Bringing Diversity & Swag into Angel Investment
Lamisi is a Software Engineer (Program developer), a social entrepreneur, philanthropist and a mother. Borned and raised in Oslo to Ghanaian parents, Lamisi had always ha strong relationship with the African continent.
She co-founded African Youth in Oslo at a very young age, a place for young Africans to learn about African history and civilisations, culture and politics. She later on co-founded African History Week in Norway, an organisation with the purpose of educating Norway about African history and culture through festivals of music, workshops and films.
Lamisi holds a Bachelor in Computer Engineering, a master in Informatics and a Master in Innovation and Entrepreneurship. She has been working in ICT for the 17 years, and has worked in Dnb, Accenture, and Crayon, and has in the last years worked as an independent consultant for KLP and Skattetaten.
Studies have shown that the majority of women believe they don’t have the money, background or risk appetite to make angel investments. However new technologies and inventions have pushed the frontier for people from various financial abilities to be able to invest. This week, we had a conversation with Lamisi Gurah, one of the angel investors in the Pangea Investor Program, who certainly has the apeptite for angel investment. We hope this conversation can serve as an inspiration to all women and girls interested in early stage investment.
Lamisi is one of the few women out there doing what most people “talk about”; namely investing in African startups. She has without doubt, one of the most interesting backgrounds in the Pangea Investor Program.

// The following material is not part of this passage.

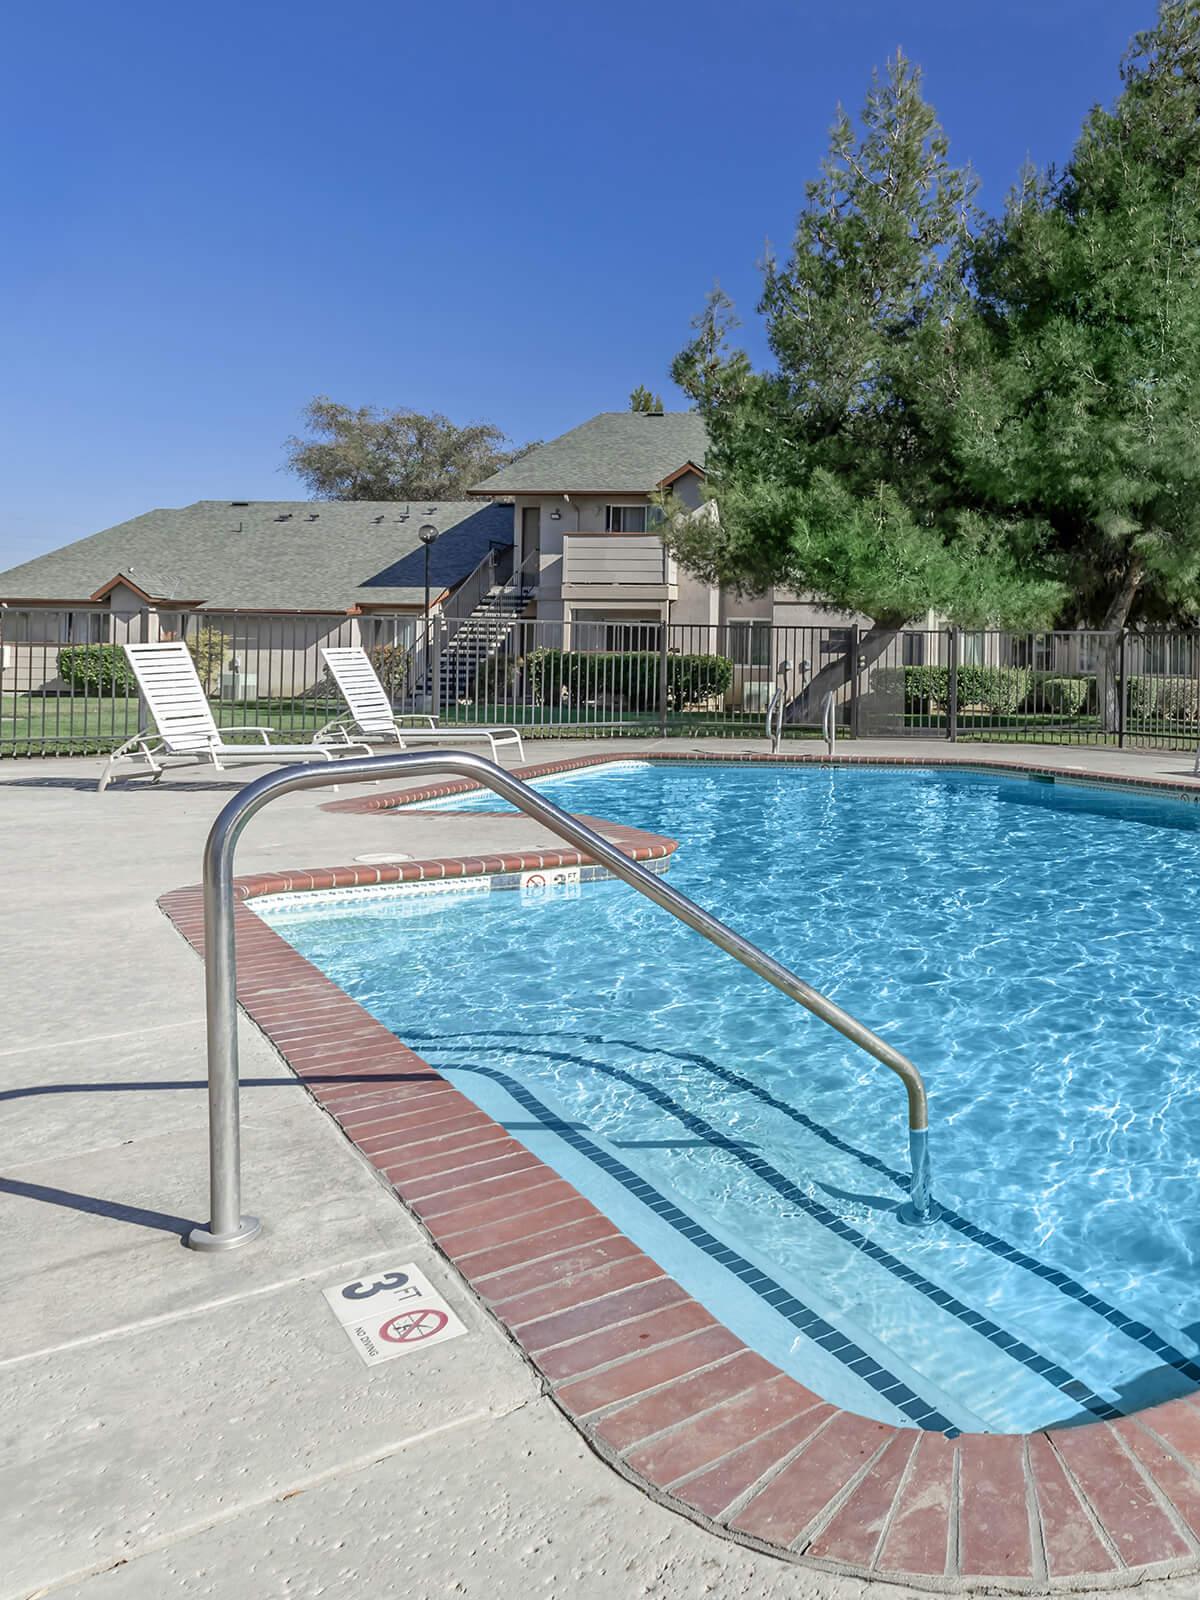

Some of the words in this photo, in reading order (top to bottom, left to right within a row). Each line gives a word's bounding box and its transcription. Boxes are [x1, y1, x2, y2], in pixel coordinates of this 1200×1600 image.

[341, 1272, 409, 1300] 3
[393, 1285, 422, 1301] FT
[353, 1326, 367, 1336] NO
[359, 1335, 379, 1357] DIVING

I think it is worth noting that she definitely brings sexy into of “Diversity and Tech”.
What are your perceptions of the Ghanaian and African tech ecosystems?
I think by now, we all have heard of the narratives of the economic and technologic growth in many of the African countries.

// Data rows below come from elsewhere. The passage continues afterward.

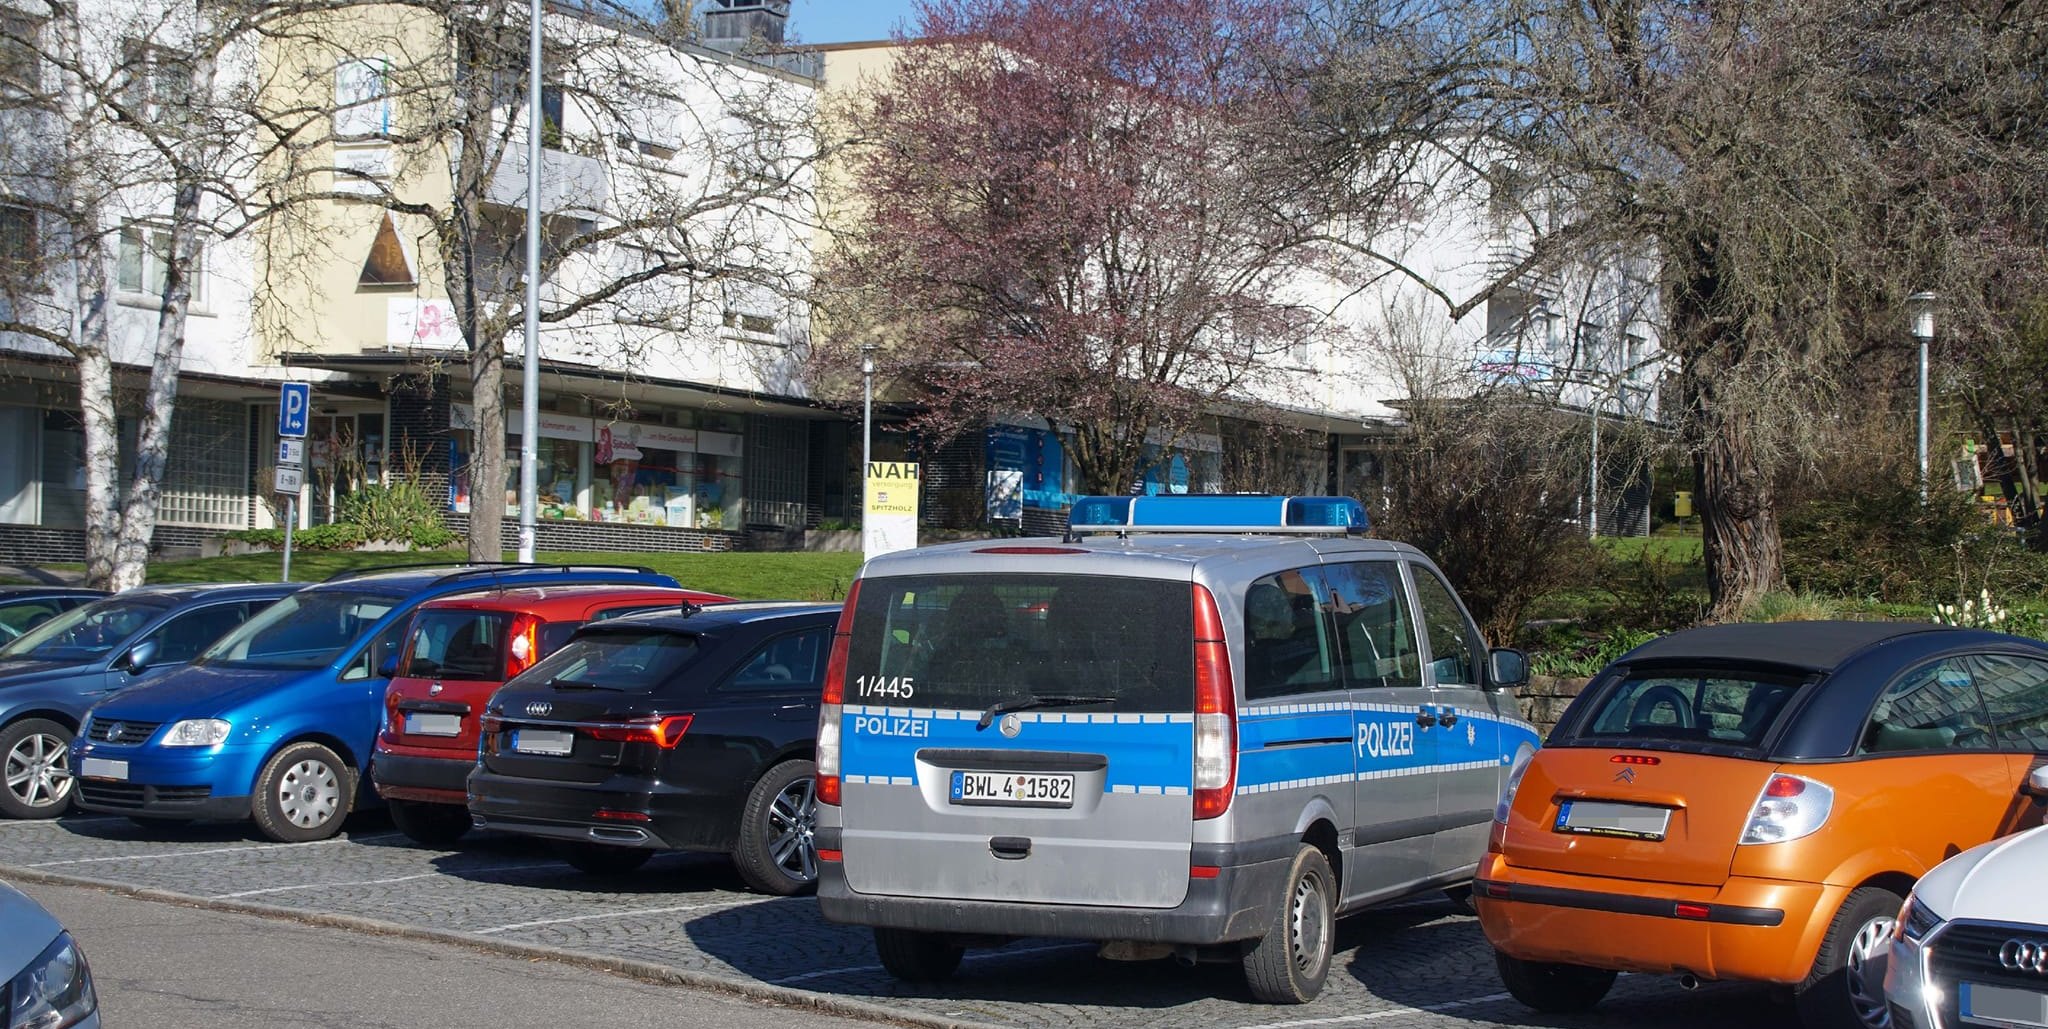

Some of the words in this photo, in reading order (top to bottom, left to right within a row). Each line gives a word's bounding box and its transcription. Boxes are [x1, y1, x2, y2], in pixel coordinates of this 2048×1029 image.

[286, 390, 303, 429] P
[867, 463, 918, 479] NAH
[871, 504, 913, 512] SPITZHOLZ
[856, 675, 914, 699] 1/445
[855, 716, 929, 738] POLIZEI
[1357, 721, 1414, 758] POLIZEI
[964, 775, 997, 796] BWL
[1003, 776, 1013, 797] 4
[1026, 777, 1071, 799] 1582

Technology in Africa has seen exponential growth over the last decade, partly driven by rapid adoption of mobile technology and rising startup ecosystems. For the last decades, mobile technology has been leveraged to empower many people without access to financial services. Countries such as Kenya, South Africa and Tanzania have taken a lead in mobile money, and these services are empowering people without access to the traditional banking services.

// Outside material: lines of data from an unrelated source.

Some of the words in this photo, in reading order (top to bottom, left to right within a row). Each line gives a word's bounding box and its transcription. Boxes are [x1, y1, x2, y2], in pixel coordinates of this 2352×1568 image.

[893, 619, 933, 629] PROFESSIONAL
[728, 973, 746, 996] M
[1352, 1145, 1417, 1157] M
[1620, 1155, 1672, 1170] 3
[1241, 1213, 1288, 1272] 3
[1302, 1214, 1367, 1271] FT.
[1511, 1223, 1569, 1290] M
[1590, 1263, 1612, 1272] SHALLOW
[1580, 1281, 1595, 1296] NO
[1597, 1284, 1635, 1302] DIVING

From the technology perspective, there is a need to design customised solutions when introducing new ideas, especially from the technologic perspective. Been a diaspora woman in tech with a background as ICT professional from Norway, she holds certain lenses in terms of identifying areas where technology could be leveraged to solve problems.
“Let us take a look at the city of Accra for example. There are 3 millions people living in Accra, and like many African cities, Accra suffers from congestion challenges. “I believe technology could be leveraged to create scalable navigation system that could solve some of these challenges. Already, mobile technology is allowing people to navigate through African streets without street names”.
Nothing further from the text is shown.